Seeing ourselves in faces of refugees
Published 7:00 am Saturday, September 26, 2015
The world’s population, as we may generically call ourselves, is currently experiencing the greatest migration of peoples since World War II. Back in that day, it was the resettling of millions who were displaced in that global six year war, which devastated most of Europe.
Today we see vast numbers, millions, of displaced, desperate hordes evacuating their homelands. Some are escaping the similar dictatorial regimes of historical evils. Some are escaping crushing poverty and corruption. Many of them are ill-prepared and ready to sacrifice themselves, too often with their lives, in the effort.
Our popular sentiment has an active propensity to identify these most needy in the most simple terms. “Migrant” seems to be the most benign, as it softens the reality. Whether we hear about them coming from the southern border of our Country, or from some far-off location, we believe they have the propensity to re-migrate back home where ever, and if, that may be.

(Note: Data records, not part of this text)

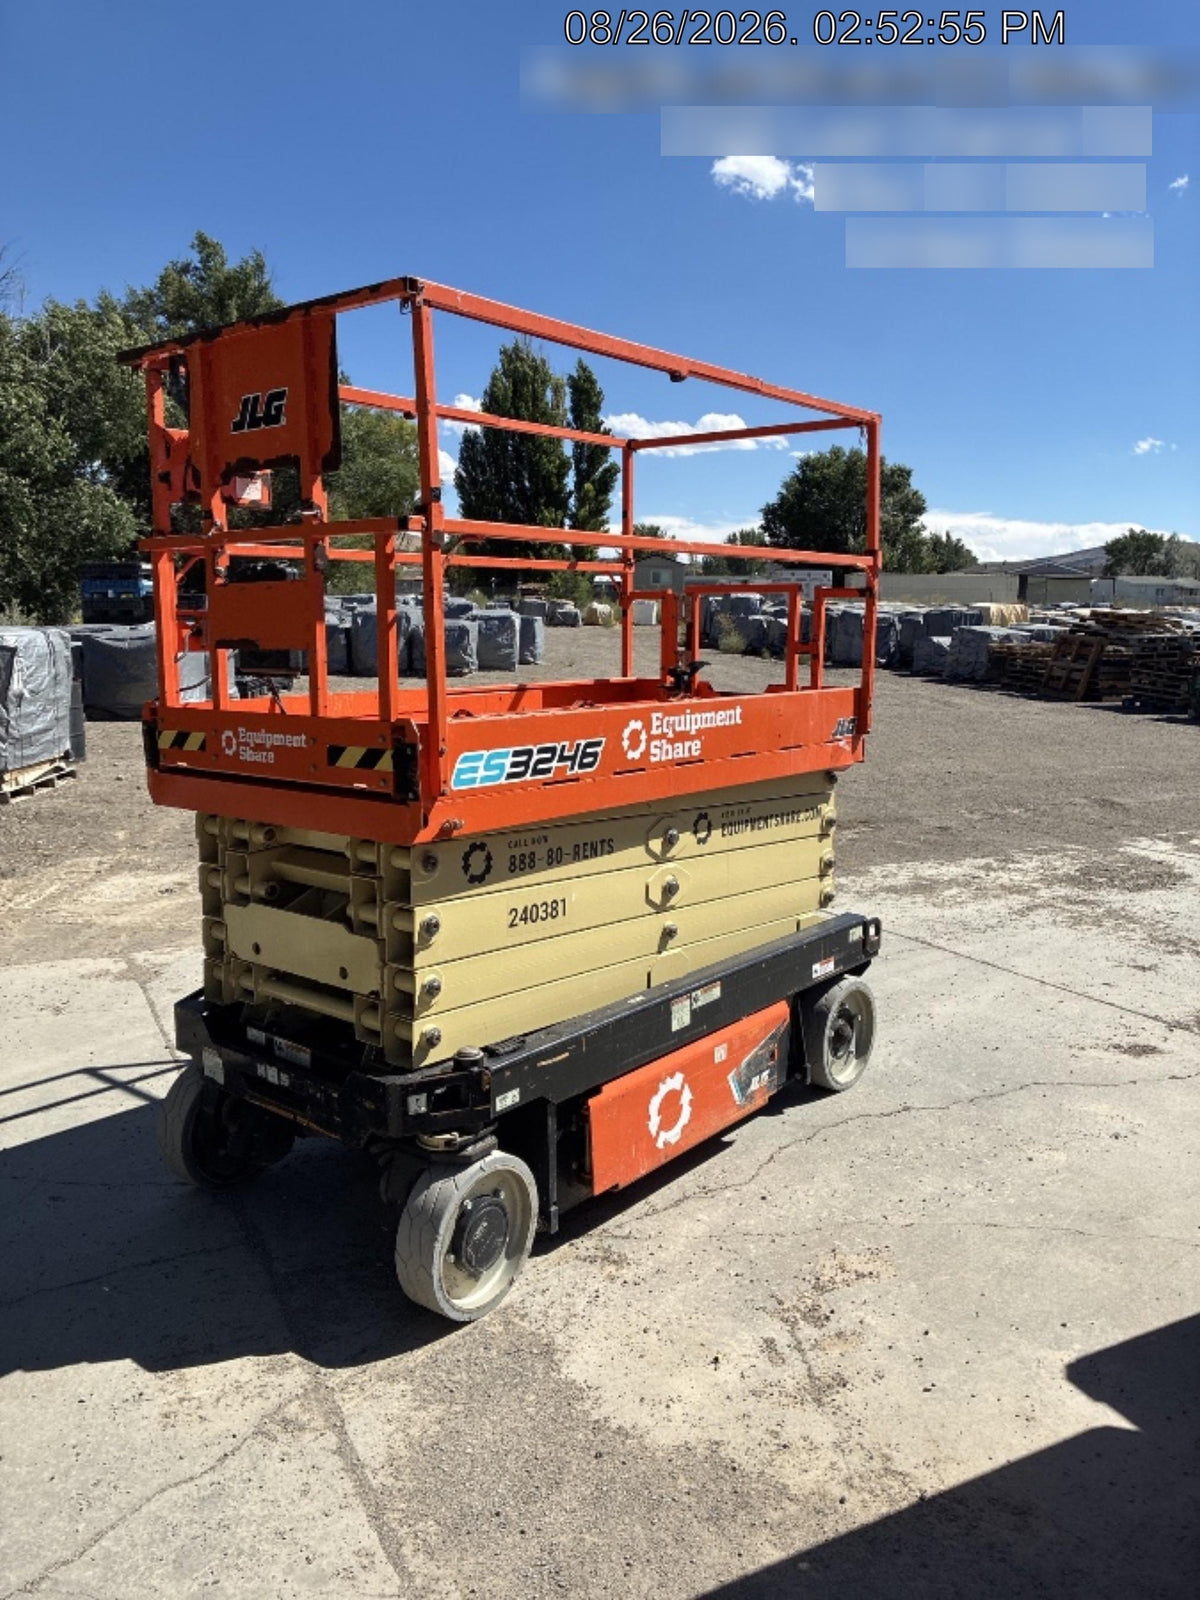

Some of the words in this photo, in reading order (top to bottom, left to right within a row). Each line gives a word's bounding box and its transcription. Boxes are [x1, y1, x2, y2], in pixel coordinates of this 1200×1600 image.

[231, 387, 288, 434] JLG
[238, 728, 307, 747] Equipment
[650, 705, 742, 738] Equipment
[238, 747, 275, 764] Share
[452, 738, 604, 789] ES3246
[650, 736, 702, 763] Share
[508, 838, 615, 874] 888-80-RENTS
[508, 897, 567, 929] 240381

Perhaps the most difficult, is the label, “Refugee,” for it conveys an alarming need for a solution to mass chaos and a potential for permanence. We become faced with the portent of long term charity and support for those unwashed seeking their refuge with us. We are also faced with the too often realized fact that they are not like us.
This ‘not like us,’ extends to the full panoply of our differences.
For some, it may be their religious backgrounds, or political beliefs. For others it may be their social mores and habits. It may be the color of their skin, or physical traits. With each influx of these refugees to our shores, we soon have found them in identifiable enclaves, many within urban areas. This, much to the un-trusting noxious pleasure of some, thinking, ‘Well, at least we do not have to mingle with them.’ It is so easy to attempt to analyze the motivation of our world’s refugees, in the most generic terms. We, as is in our nature, may hold there is some galactic scheme to denigrate our moral, social and economic plans, now seemingly working so well…or the new scheme will make them worse.
We, as Christians, often fall for the bait. In our fears, we erect walls of vigilant rationales, to put off the realities of this, our world, and then complain there is nothing we can do about its conditions. How convenient and how unnecessary for we all may, and are, called to do something about it, no matter how small.
When Jesus, the Christ, was asked by the scheming Pharisees in the Temple, “What are the most important of the Ten Commandments?” He replied, “You shall love the Lord your God, with all your heart, and all your soul and all your mind. This is the first and Great Commandment. The second is like unto it, you shall love your neighbor as yourself.”
This oft quoted Scripture does not denote a particular race, or a culture, or a religion, for if it did, we may speculate only the Jews, Gentiles and Arabs would have been in the mix. Instead, there are no limits, as the words are said for all humankind, as we acknowledge we are all set in God’s image, as His creation. We are clearly given the spiritual and philosophical directive to consider everyone in our charity, hearts, actions and devotions. Let us acknowledge Jesus’ ready willingness to commiserate with human refuse, along with the physically and spiritually unwashed at every turn of His ministry,
We cannot corrupt the incorruptible, but only ourselves. Should a sense of the futility of life be overwhelming, then we are not with God, or seeking His truth about ourselves and our dark world. We can be most assured the refugees of today, and any day, are seeking Godly strength and truths and, it is only by the grace of God we are not they.